Usually when there is a question mark in the title of an article the answer is no. In this case the answer is probably yes. But with most things in SEO it’s hard to give a firm confirmation. In this post I’ll look at the arguments for and against comments being a ranking factor.
To be clear; I’m talking about blogs allowing comments on article. Not the linkbuilding tactic. Assuming the site doesn’t publish obvious spam comments would this actually help a website rank higher?
Argument FOR comments being a ranking factor
1) Shows a website has a healthy thriving community (according to Google)
@jenstar it feeds into general quality. Say, there's good content, 5 points, great links from great pages, 2 points, thriving community, 1pt
— Gary "鯨理" Illyes (@methode) April 27, 2016
Jennifer Slegg from TheSEMPost basically asked this exact question to Garry Illyes (@methode) from Google. In response Garry said that comments show there is a community on a website. And a “healthy thriving community” is an indication of quality. Which in turn is a positive ranking signal for Google.
In general if we see that there’s a healthy, thriving community on a site, that can help a lot […] it feeds into general quality. Say, there’s good content, 5 points, great links from great pages, 2 points, thriving community, 1pt […] that wasn’t a stack rank. The points I gave are random
2) It increases the word count of the page
Please don’t understand me wrong — I’m not suggesting word count is a ranking factor. But it has been well researched* that longer content tends to rank higher. This is a case of longer content being on average better quality and therefor performing better (correlation).
If a search engine is evaluating content for quality they look at things like topical strength, relevance, synonyms, reading level and outgoing links (and citations). Comments can all help with this since comments will usually phrase things in a different way, ask relevant questions and use a different tone of voice. More words = more longtail content.
Arguments AGAINST comments being a ranking factor
1) No independent proof
Besides the confirmation by Google no independent ranking factor study has ever mentioned blog comments. There have been plenty of studies on ranking factors by companies such as Moz, Ahrefs and Semrush. Not once have studies on millions of websites and queries found a correlation between blog comments and rankings.
Of course this doesn’t completely rule out comments as ranking factor. After all, it’s hard to find something if you’re not looking for it. But many smart marketeers and webmasters are looking for an advantage in the SERPS and none of them have found and published extensive proof.
2) Poor quality content can bring overal quality down
If not properly moderated, internet comments are known to be low quality. This includes comments that don’t add anything to the conversation (“Great post!”) but also actual low quality content with grammar and spelling errors.
A common SEO strategy is to prune out thin and low quality content because this might help other pages rank. Wouldn’t the average comment bring down the quality of a page?
3) It’s very easy to abuse
There is a good reason search engines are so secretive about ranking factors. Webmasters are known to abuse methods to the extreme to gain an advantage in Google.
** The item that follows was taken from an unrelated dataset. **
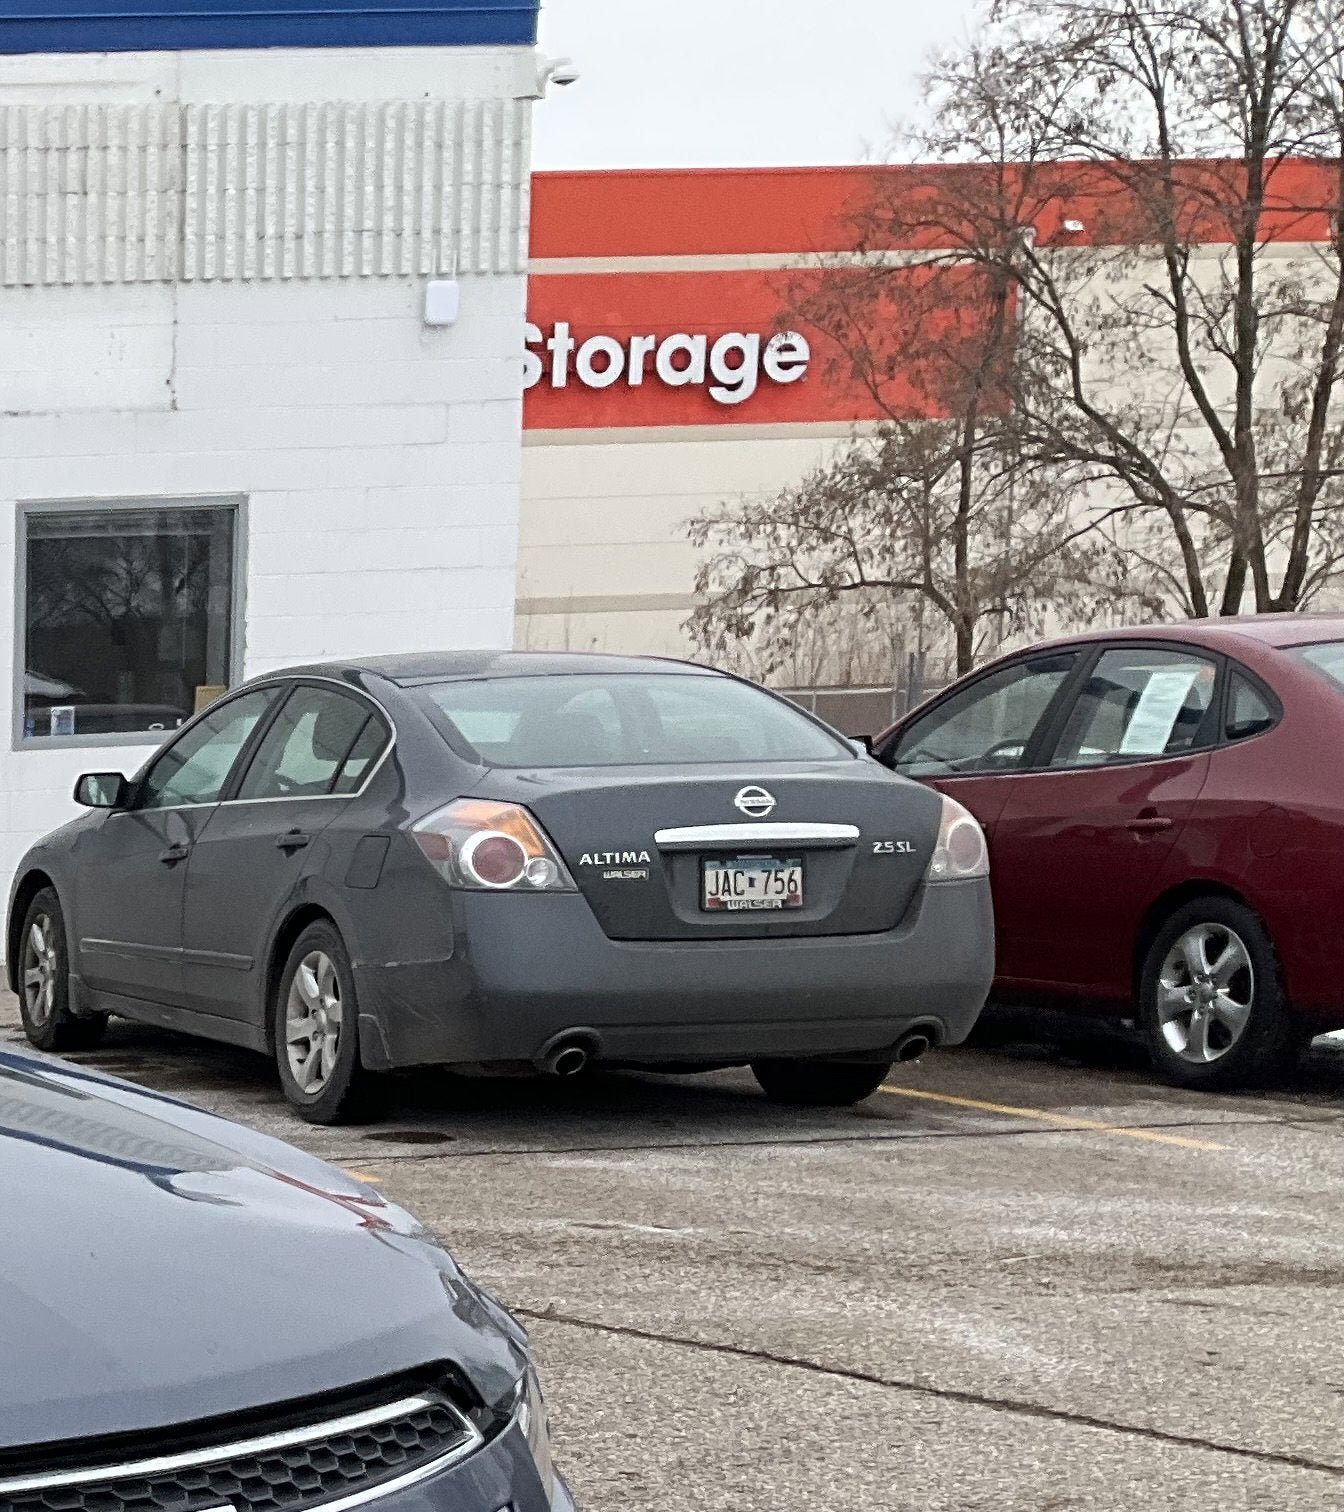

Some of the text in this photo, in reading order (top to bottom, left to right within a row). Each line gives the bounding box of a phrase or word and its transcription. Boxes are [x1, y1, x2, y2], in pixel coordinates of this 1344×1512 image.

[579, 851, 651, 865] ALTIMA
[708, 868, 798, 896] JAC 756
[727, 898, 783, 911] WALSER
This has been the case with most link building tactics, on-page information like
<h1>‘s and even the massive growth of HTTPs can partially be attributed to Google making it a minor ranking factor. It’s not hard to imagine that search engines shy away from easy to abuse ranking signals.
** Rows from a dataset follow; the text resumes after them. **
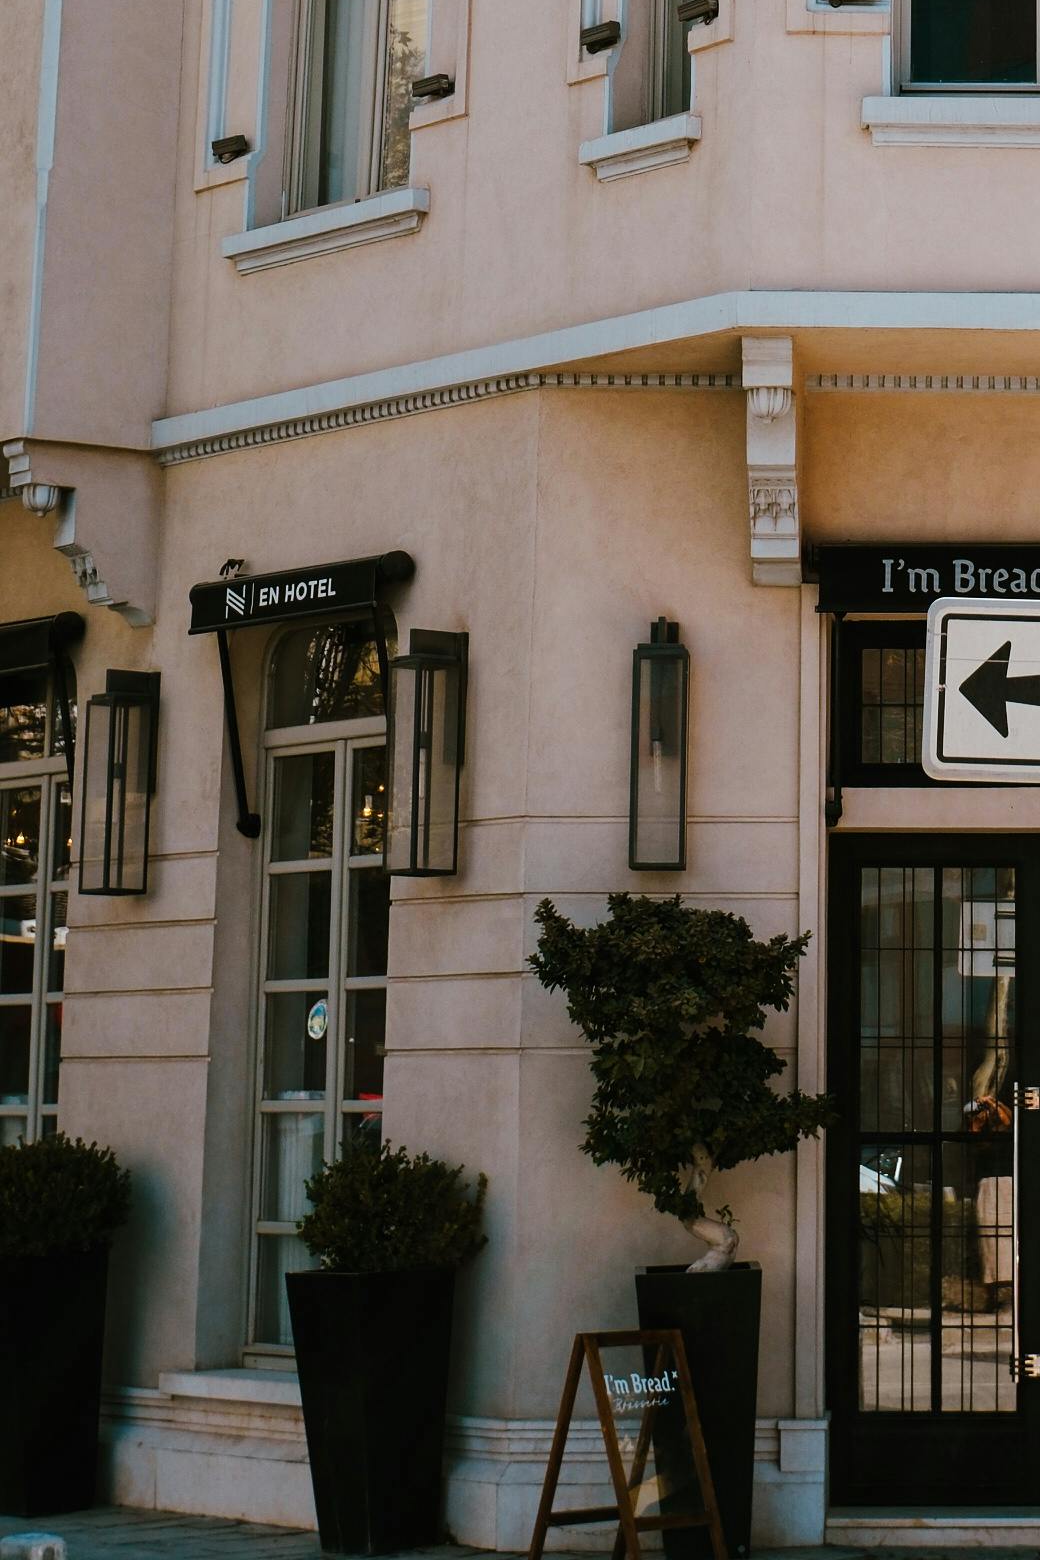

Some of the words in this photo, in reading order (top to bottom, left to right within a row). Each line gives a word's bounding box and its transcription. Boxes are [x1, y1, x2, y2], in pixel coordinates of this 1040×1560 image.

[881, 558, 941, 593] I'm
[258, 585, 280, 607] EN
[284, 577, 336, 603] HOTEL
[603, 1374, 630, 1396] I'm
[630, 1370, 676, 1394] Bread.
Comments would be a very easy to abuse ranking factor. Any webmaster can load fake comments into their database and make them look slightly plausible.
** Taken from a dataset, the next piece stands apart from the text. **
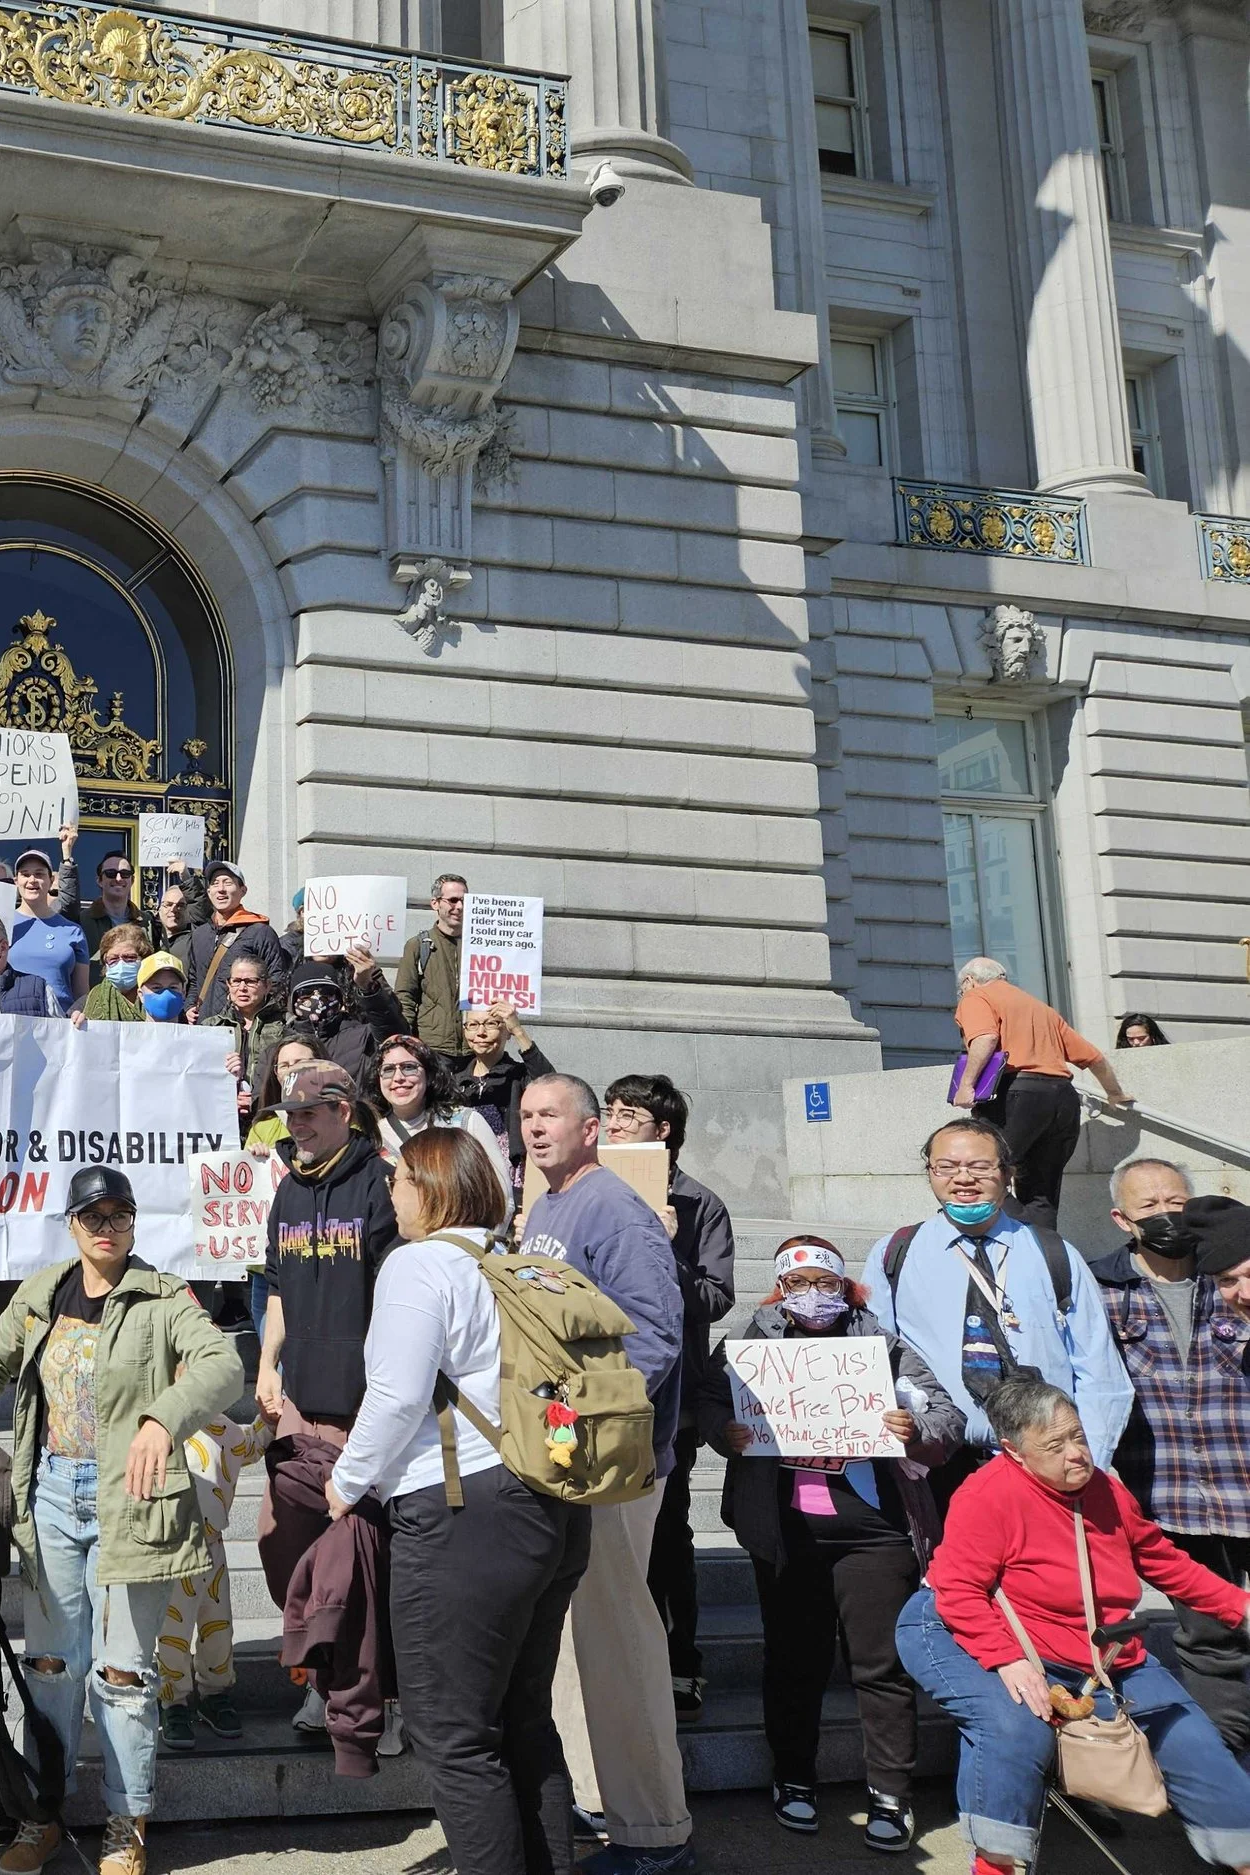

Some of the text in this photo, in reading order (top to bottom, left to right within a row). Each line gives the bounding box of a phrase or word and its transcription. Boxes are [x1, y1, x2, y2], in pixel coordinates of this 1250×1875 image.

4) There are better ways to see if a site has a community
A site having an active community is a good metric of quality. But comments are far from the best way to test that. Even the most active blogs don’t get more than 1 to 5 percent of readers commenting.
A far better way to see if there is a community? Social media. Most sites and business are active on social media. Seeing how much activity their updates get is a great way to tell the credibility of a site. The reason search engines (probably) don’t do this is because of again how easy to abuse it is.
Bonus: Turning off comments will lead to more social signals
On this blog I specifically chose to turn of comments because I wanted to move the conversation to Twitter. Not so much for a ranking reason but an increase in social signals (shares, replies) might be a ranking factor on it’s own.
Lets speculate and say a big blog turns off comments (losing a potential ranking boost) and instead encourages social sharing. Even if this only increases shares by 10% this increase could negate the loss and be a bigger ranking signal on its own. Of course social signals being a ranking factor is a much debated topic on its own.
Before writing this article and doing this research I thought the idea of comments being a ranking factor laughable. I’ve changed my mind. When done right comments I believe comments give a positive ranking signal. How much weight it has? That’s an even harder question to answer.